26 Feb 2024 | Jack H. Culbert, Anne Hobert, Najko Jahn, Nick Haupka, Marion Schmidt, Paul Donner, Philipp Mayr
This study compares the reference and metadata coverage of OpenAlex with that of Web of Science (WoS) and Scopus. OpenAlex is an open-source scholarly metadata source that offers free access to bibliometric data, making it a potential alternative to proprietary databases. However, its data is rapidly evolving, and its reliability is still under scrutiny. The study uses a shared corpus of 16,788,282 publications from all three databases to assess their reference and metadata coverage. The results show that OpenAlex has comparable average source reference numbers and internal coverage to both WoS and Scopus. However, OpenAlex captures more ORCID identifiers, fewer abstracts, and a similar number of open access information per article compared to the other two databases.
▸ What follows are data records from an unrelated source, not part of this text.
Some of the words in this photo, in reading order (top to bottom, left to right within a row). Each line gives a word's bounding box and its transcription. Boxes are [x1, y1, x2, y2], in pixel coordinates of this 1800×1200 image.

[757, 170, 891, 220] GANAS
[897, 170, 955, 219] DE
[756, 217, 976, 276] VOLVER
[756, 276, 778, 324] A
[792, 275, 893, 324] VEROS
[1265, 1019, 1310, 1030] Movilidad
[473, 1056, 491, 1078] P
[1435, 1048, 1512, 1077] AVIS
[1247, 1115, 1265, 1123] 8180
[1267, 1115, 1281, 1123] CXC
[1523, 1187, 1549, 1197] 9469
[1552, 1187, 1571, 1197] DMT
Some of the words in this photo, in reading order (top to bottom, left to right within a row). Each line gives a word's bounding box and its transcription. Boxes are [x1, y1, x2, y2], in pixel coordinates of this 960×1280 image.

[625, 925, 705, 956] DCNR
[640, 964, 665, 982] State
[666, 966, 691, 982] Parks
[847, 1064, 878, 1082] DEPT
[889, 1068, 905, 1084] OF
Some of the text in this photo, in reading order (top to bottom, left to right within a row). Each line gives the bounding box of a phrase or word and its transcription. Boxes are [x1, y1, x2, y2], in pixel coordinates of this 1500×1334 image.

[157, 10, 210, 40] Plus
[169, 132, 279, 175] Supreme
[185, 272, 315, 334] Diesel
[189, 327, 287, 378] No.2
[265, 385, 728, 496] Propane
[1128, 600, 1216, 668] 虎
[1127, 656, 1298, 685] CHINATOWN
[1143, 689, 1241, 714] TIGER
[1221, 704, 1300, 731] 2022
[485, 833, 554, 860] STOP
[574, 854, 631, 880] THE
The study also examines other metadata, such as abstracts, ORCIDs, and open access status. OpenAlex shows higher ORCID coverage than WoS and Scopus, but its abstract coverage is lower. The open access status information is sourced from Unpaywall, which is used by all three databases. The study finds that OpenAlex has a more linear distribution of open access information compared to WoS and Scopus, suggesting a possible indexing lag in the latter databases.
The study also identifies discrepancies between reported and pre-calculated reference counts in both OpenAlex and WoS. These discrepancies may be due to inconsistent data ingestion or the inclusion of deleted items in OpenAlex. The study concludes that while OpenAlex has comparable reference coverage to WoS and Scopus, it does not have the highest internal coverage. However, its large size suggests that it may have a higher proportion of referenced publications within its database. The study also highlights the importance of accurate reference matching and the need for further research into the differences in coverage and matching algorithms between the databases. The study also notes that OpenAlex has issues with author disambiguation, particularly for Chinese authors, which may affect the accuracy of ORCID assignments. Overall, the study suggests that OpenAlex is a viable alternative to proprietary databases for bibliometric research, but further improvements are needed to ensure its reliability and accuracy.This study compares the reference and metadata coverage of OpenAlex with that of Web of Science (WoS) and Scopus. OpenAlex is an open-source scholarly metadata source that offers free access to bibliometric data, making it a potential alternative to proprietary databases. However, its data is rapidly evolving, and its reliability is still under scrutiny. The study uses a shared corpus of 16,788,282 publications from all three databases to assess their reference and metadata coverage. The results show that OpenAlex has comparable average source reference numbers and internal coverage to both WoS and Scopus. However, OpenAlex captures more ORCID identifiers, fewer abstracts, and a similar number of open access information per article compared to the other two databases.
The study also examines other metadata, such as abstracts, ORCIDs, and open access status. OpenAlex shows higher ORCID coverage than WoS and Scopus, but its abstract coverage is lower. The open access status information is sourced from Unpaywall, which is used by all three databases. The study finds that OpenAlex has a more linear distribution of open access information compared to WoS and Scopus, suggesting a possible indexing lag in the latter databases.
The study also identifies discrepancies between reported and pre-calculated reference counts in both OpenAlex and WoS. These discrepancies may be due to inconsistent data ingestion or the inclusion of deleted items in OpenAlex. The study concludes that while OpenAlex has comparable reference coverage to WoS and Scopus, it does not have the highest internal coverage. However, its large size suggests that it may have a higher proportion of referenced publications within its database. The study also highlights the importance of accurate reference matching and the need for further research into the differences in coverage and matching algorithms between the databases. The study also notes that OpenAlex has issues with author disambiguation, particularly for Chinese authors, which may affect the accuracy of ORCID assignments. Overall, the study suggests that OpenAlex is a viable alternative to proprietary databases for bibliometric research, but further improvements are needed to ensure its reliability and accuracy.